Retype the whole listing that follows so that it matches the original exactly.

::::

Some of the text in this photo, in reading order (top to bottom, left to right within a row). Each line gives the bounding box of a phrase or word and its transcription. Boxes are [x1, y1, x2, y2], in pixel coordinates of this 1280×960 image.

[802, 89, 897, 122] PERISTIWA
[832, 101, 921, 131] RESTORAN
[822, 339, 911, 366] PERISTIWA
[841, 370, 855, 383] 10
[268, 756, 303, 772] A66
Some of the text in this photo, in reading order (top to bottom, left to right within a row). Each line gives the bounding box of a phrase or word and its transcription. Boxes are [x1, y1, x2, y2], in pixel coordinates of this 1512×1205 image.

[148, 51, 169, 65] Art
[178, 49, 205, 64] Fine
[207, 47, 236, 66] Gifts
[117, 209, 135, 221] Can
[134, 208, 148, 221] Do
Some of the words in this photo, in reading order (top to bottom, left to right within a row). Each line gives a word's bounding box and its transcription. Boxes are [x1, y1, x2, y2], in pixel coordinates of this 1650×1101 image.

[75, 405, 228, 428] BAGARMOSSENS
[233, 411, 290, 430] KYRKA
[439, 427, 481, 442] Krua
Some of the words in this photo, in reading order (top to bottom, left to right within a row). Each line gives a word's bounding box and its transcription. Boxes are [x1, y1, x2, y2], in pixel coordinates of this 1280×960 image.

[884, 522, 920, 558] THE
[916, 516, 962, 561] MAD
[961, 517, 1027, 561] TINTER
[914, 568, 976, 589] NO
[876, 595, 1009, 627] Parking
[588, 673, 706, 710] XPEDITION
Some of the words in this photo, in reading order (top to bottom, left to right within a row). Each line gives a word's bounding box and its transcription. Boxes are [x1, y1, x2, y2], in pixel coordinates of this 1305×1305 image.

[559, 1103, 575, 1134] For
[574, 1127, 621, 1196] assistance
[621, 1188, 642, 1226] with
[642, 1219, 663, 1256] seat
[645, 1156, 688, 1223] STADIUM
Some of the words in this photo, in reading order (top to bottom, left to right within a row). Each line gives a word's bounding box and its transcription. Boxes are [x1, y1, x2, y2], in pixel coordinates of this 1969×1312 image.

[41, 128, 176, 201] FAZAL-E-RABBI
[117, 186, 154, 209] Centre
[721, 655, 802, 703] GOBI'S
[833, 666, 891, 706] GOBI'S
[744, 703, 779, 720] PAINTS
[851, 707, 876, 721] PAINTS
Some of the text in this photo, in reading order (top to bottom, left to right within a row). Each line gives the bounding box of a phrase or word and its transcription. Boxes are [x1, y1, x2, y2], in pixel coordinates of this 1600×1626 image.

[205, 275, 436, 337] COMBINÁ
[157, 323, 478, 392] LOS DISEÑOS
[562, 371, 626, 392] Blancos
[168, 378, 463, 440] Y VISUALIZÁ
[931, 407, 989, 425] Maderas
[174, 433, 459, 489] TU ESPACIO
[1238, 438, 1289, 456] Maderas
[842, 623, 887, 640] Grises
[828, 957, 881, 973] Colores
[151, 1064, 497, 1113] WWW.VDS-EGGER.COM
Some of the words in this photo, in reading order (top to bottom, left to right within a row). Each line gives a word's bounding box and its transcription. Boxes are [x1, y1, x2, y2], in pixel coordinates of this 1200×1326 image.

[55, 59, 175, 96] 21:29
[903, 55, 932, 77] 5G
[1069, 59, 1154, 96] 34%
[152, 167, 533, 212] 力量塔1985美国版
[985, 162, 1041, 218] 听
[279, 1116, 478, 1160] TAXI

::::

* [Solved exercise]:
Some of the text in this photo, in reading order (top to bottom, left to right within a row). Each line gives the bounding box of a phrase or word and its transcription. Boxes are [x1, y1, x2, y2], in pixel coordinates of this 1280×960 image.

[802, 89, 897, 122] PERISTIWA
[832, 101, 921, 131] RESTORAN
[822, 339, 911, 366] PERISTIWA
[841, 370, 855, 383] 10
[268, 756, 303, 772] A66
Some of the text in this photo, in reading order (top to bottom, left to right within a row). Each line gives the bounding box of a phrase or word and its transcription. Boxes are [x1, y1, x2, y2], in pixel coordinates of this 1512×1205 image.

[148, 51, 169, 65] Art
[178, 49, 205, 64] Fine
[207, 47, 236, 66] Gifts
[117, 209, 135, 221] Can
[134, 208, 148, 221] Do
Some of the words in this photo, in reading order (top to bottom, left to right within a row). Each line gives a word's bounding box and its transcription. Boxes are [x1, y1, x2, y2], in pixel coordinates of this 1650×1101 image.

[75, 405, 228, 428] BAGARMOSSENS
[233, 411, 290, 430] KYRKA
[439, 427, 481, 442] Krua
Some of the words in this photo, in reading order (top to bottom, left to right within a row). Each line gives a word's bounding box and its transcription. Boxes are [x1, y1, x2, y2], in pixel coordinates of this 1280×960 image.

[884, 522, 920, 558] THE
[916, 516, 962, 561] MAD
[961, 517, 1027, 561] TINTER
[914, 568, 976, 589] NO
[876, 595, 1009, 627] Parking
[588, 673, 706, 710] XPEDITION
Some of the words in this photo, in reading order (top to bottom, left to right within a row). Each line gives a word's bounding box and its transcription. Boxes are [x1, y1, x2, y2], in pixel coordinates of this 1305×1305 image.

[559, 1103, 575, 1134] For
[574, 1127, 621, 1196] assistance
[621, 1188, 642, 1226] with
[642, 1219, 663, 1256] seat
[645, 1156, 688, 1223] STADIUM
Some of the words in this photo, in reading order (top to bottom, left to right within a row). Each line gives a word's bounding box and its transcription. Boxes are [x1, y1, x2, y2], in pixel coordinates of this 1969×1312 image.

[41, 128, 176, 201] FAZAL-E-RABBI
[117, 186, 154, 209] Centre
[721, 655, 802, 703] GOBI'S
[833, 666, 891, 706] GOBI'S
[744, 703, 779, 720] PAINTS
[851, 707, 876, 721] PAINTS
Some of the text in this photo, in reading order (top to bottom, left to right within a row). Each line gives the bounding box of a phrase or word and its transcription. Boxes are [x1, y1, x2, y2], in pixel coordinates of this 1600×1626 image.

[205, 275, 436, 337] COMBINÁ
[157, 323, 478, 392] LOS DISEÑOS
[562, 371, 626, 392] Blancos
[168, 378, 463, 440] Y VISUALIZÁ
[931, 407, 989, 425] Maderas
[174, 433, 459, 489] TU ESPACIO
[1238, 438, 1289, 456] Maderas
[842, 623, 887, 640] Grises
[828, 957, 881, 973] Colores
[151, 1064, 497, 1113] WWW.VDS-EGGER.COM
Some of the words in this photo, in reading order (top to bottom, left to right within a row). Each line gives a word's bounding box and its transcription. Boxes are [x1, y1, x2, y2], in pixel coordinates of this 1200×1326 image.

[55, 59, 175, 96] 21:29
[903, 55, 932, 77] 5G
[1069, 59, 1154, 96] 34%
[152, 167, 533, 212] 力量塔1985美国版
[985, 162, 1041, 218] 听
[279, 1116, 478, 1160] TAXI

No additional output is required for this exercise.